On a Cahn-Hilliard-Keller-Segel model with generalized logistic source describing tumor growth

TL;DR

This paper introduces a novel tumor growth model coupling a Cahn-Hilliard equation with a Keller-Segel type reaction-diffusion system, capturing chemotactic effects and nutrient dynamics with mathematical rigor.

Contribution

It presents a new coupled PDE model for tumor growth incorporating chemotaxis and logistic chemical sources, with comprehensive existence, regularity, and uniqueness results.

Findings

Existence of weak solutions in 2D and 3D.

Regularity results under specific conditions.

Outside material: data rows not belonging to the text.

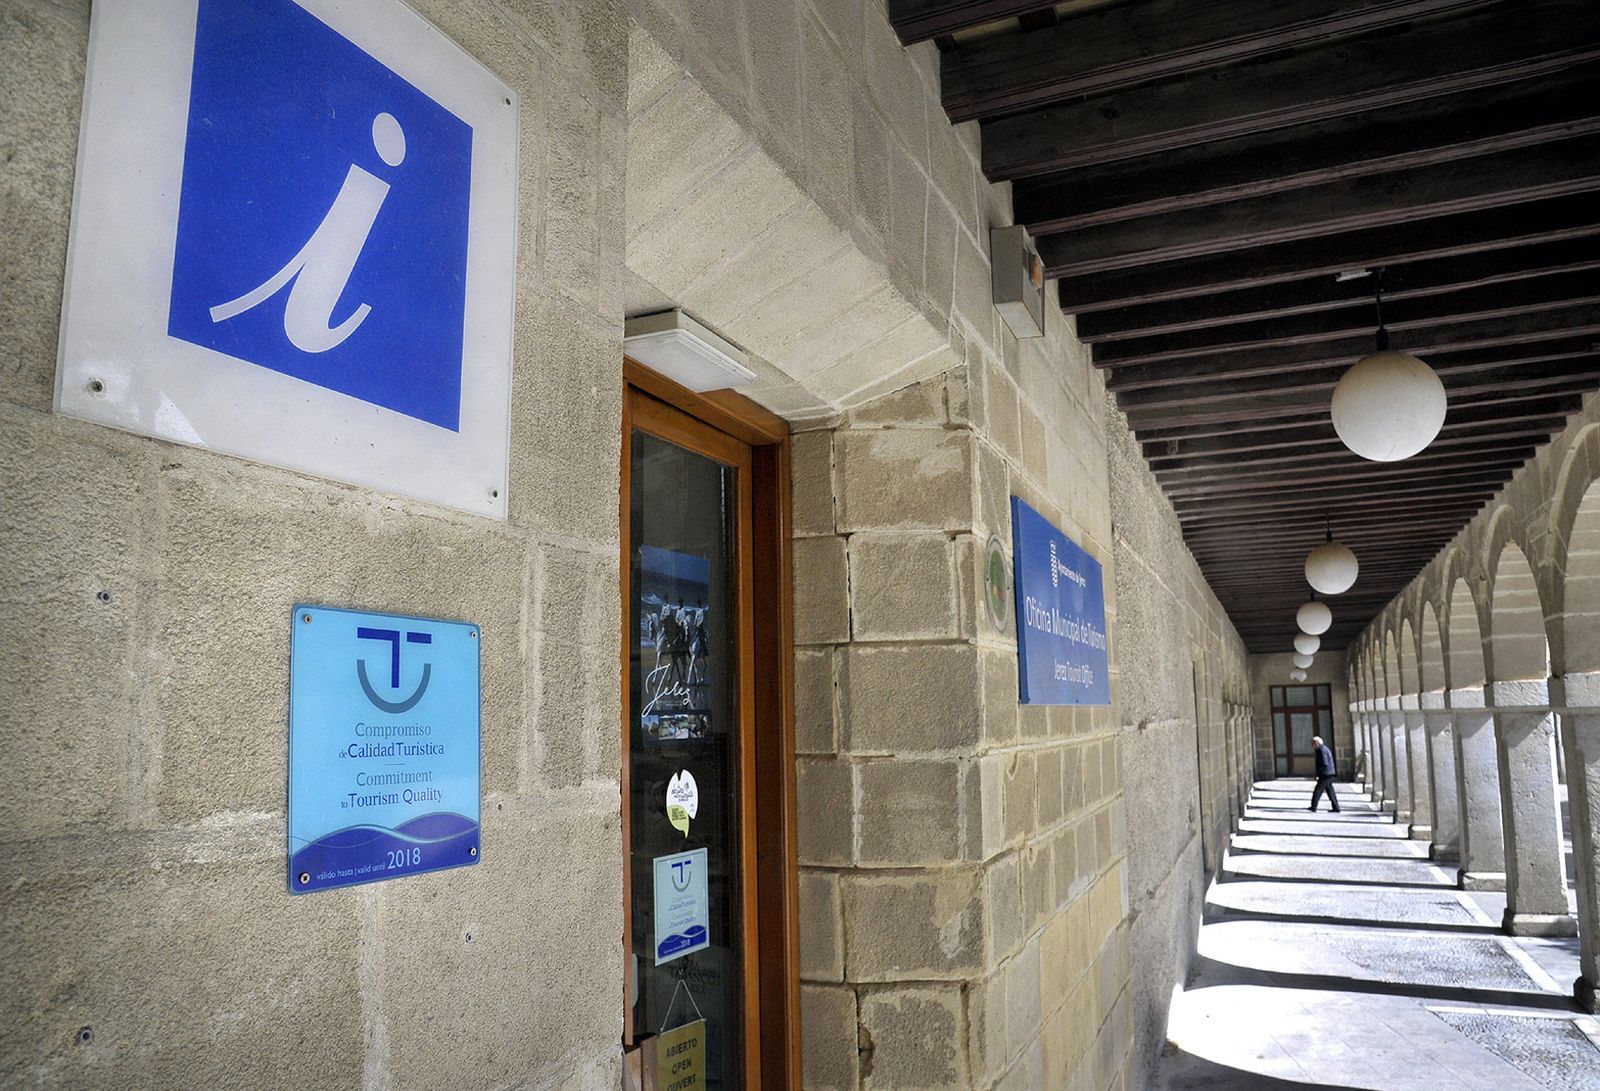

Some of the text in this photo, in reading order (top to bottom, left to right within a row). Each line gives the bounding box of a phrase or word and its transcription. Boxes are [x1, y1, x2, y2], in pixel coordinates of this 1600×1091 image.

[210, 112, 406, 353] i
[1026, 595, 1106, 650] Oficina Municipal de Turismo
[1054, 659, 1093, 688] Jerez Tourist Office
[642, 663, 692, 717] Jerez
[355, 722, 431, 740] Compromiso
[339, 749, 347, 759] de
[348, 742, 395, 758] Calidad
[356, 770, 433, 787] Commitment
[341, 787, 443, 809] to Tourism Quality
[316, 870, 336, 881] válido
[337, 868, 354, 879] hasta
[372, 862, 386, 873] until
[387, 847, 421, 870] 2018
[666, 1038, 698, 1058] ABIERTO
[672, 1057, 692, 1075] OPEN
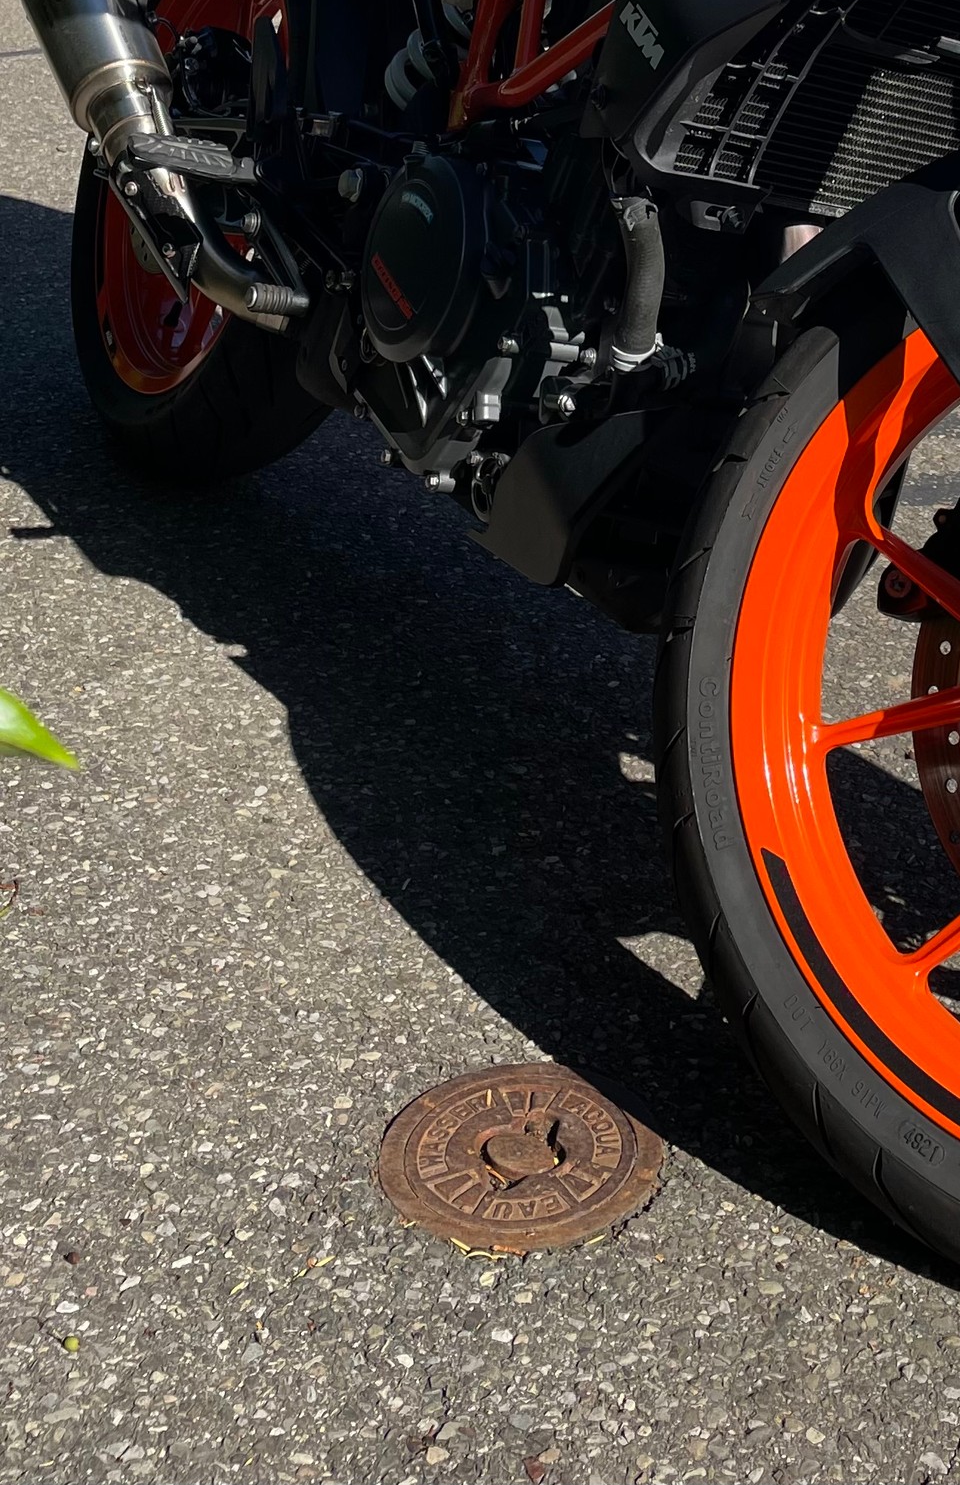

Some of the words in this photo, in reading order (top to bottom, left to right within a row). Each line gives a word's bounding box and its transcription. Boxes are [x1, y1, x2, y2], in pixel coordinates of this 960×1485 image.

[619, 0, 665, 71] KTM
[756, 447, 785, 490] FRONT
[698, 675, 735, 852] ContiRoad
[783, 993, 815, 1032] DOT
[566, 1099, 622, 1159] ACQUA
[492, 1193, 567, 1221] EAU
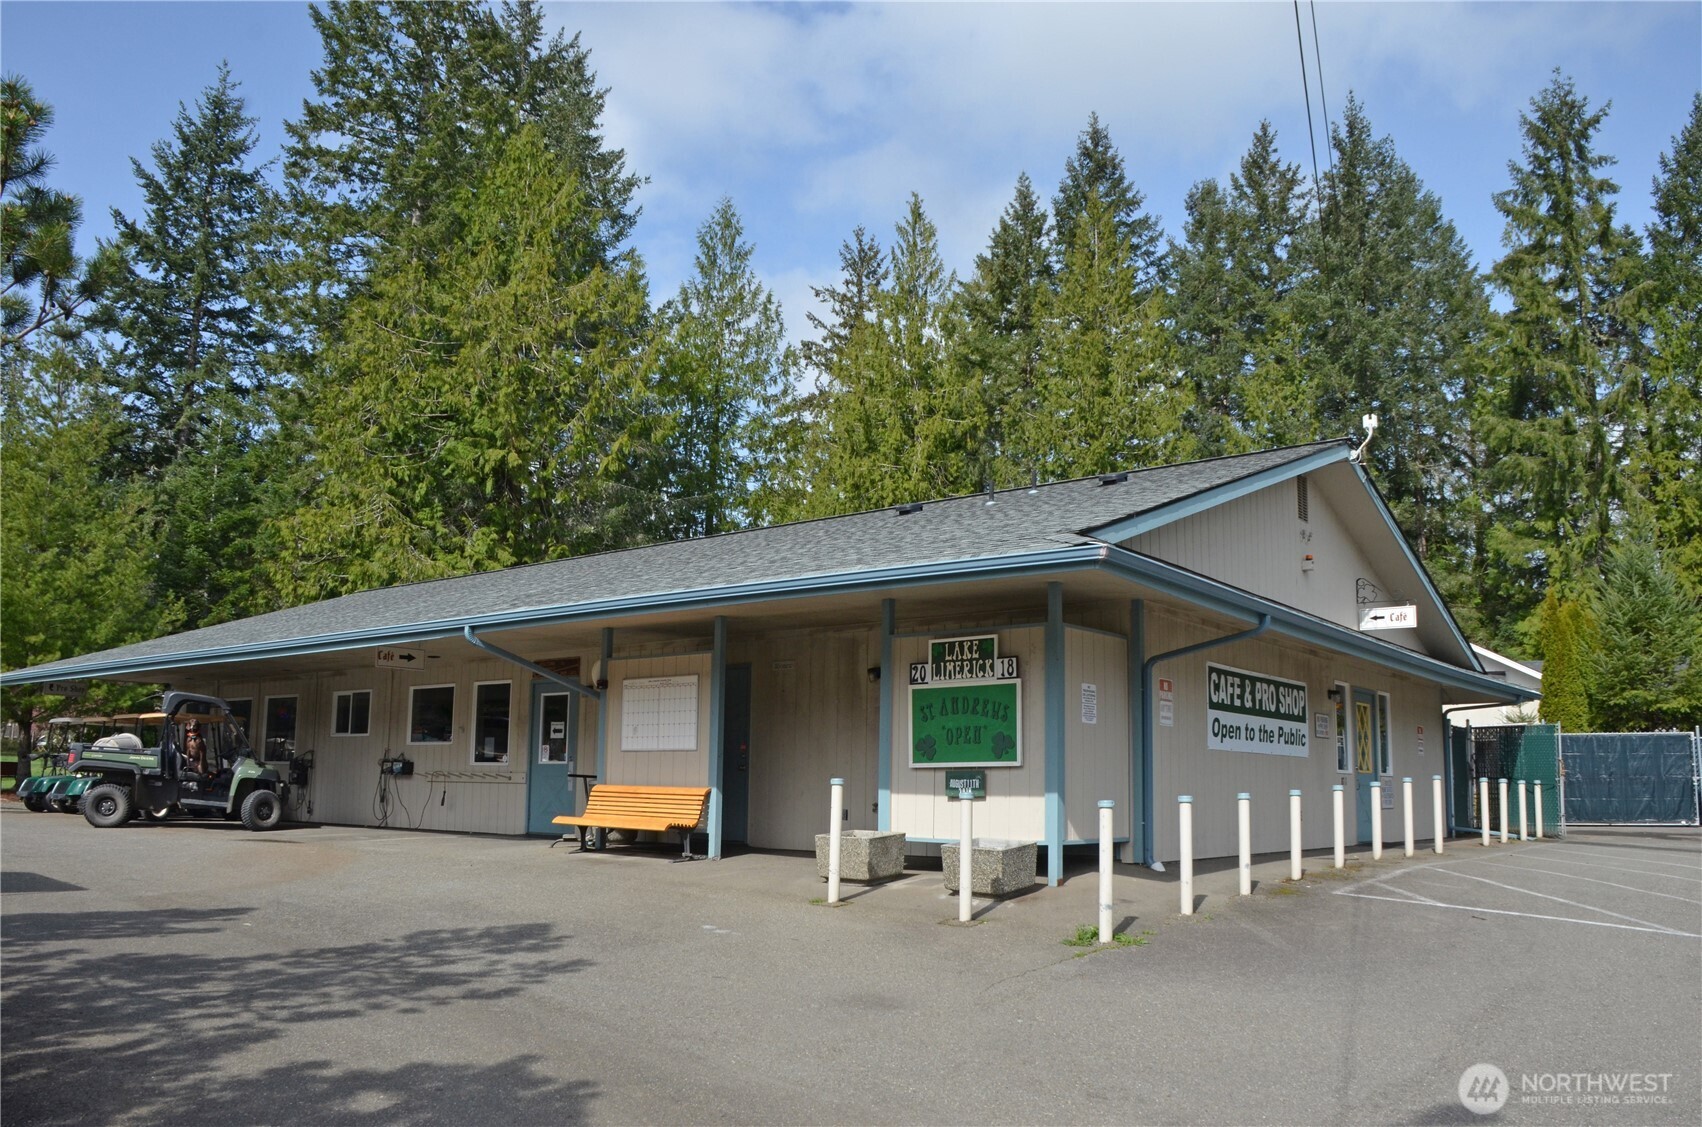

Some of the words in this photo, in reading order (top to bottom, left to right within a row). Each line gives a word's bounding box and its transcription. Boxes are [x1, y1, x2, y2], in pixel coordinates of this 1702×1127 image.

Uniqueness and continuous dependence in certain cases.

Abstract

We propose a new type of diffuse interface model describing the evolution of a tumor mass under the effects of a chemical substance (e.g., a nutrient or a drug). The process is described by utilizing the variables $\varphi$, an order parameter representing the local proportion of tumor cells, and $\sigma$, representing the concentration of the chemical. The order parameter $\varphi$ is assumed to satisfy a suitable form of the Cahn-Hilliard equation with mass source and logarithmic potential of Flory-Huggins type (or generalizations of it). The chemical concentration $\sigma$ satisfies a reaction-diffusion equation where the cross-diffusion term has the same expression as in the celebrated Keller-Segel model. In this respect, the model we propose represents a new coupling between the Cahn-Hilliard equation and a subsystem of the Keller-Segel model. We believe that, compared to other models, this choice is more effective in capturing the chemotactic effects that may occur in tumor growth dynamics (chemically induced tumor evolution and consumption of nutrient/drug by tumor cells). Note that, in order to prevent finite time blowup of $\sigma$, we assume a chemical source term of logistic type. Our main mathematical result is devoted to proving existence of weak solutions in a rather general setting that covers both the two- and three- dimensional cases. Under more restrictive assumptions on coefficients and data, and in some cases on the spatial dimension, we prove various regularity results. Finally, in a proper class of smooth solutions we show uniqueness and continuous dependence on the initial data in a number of significant cases.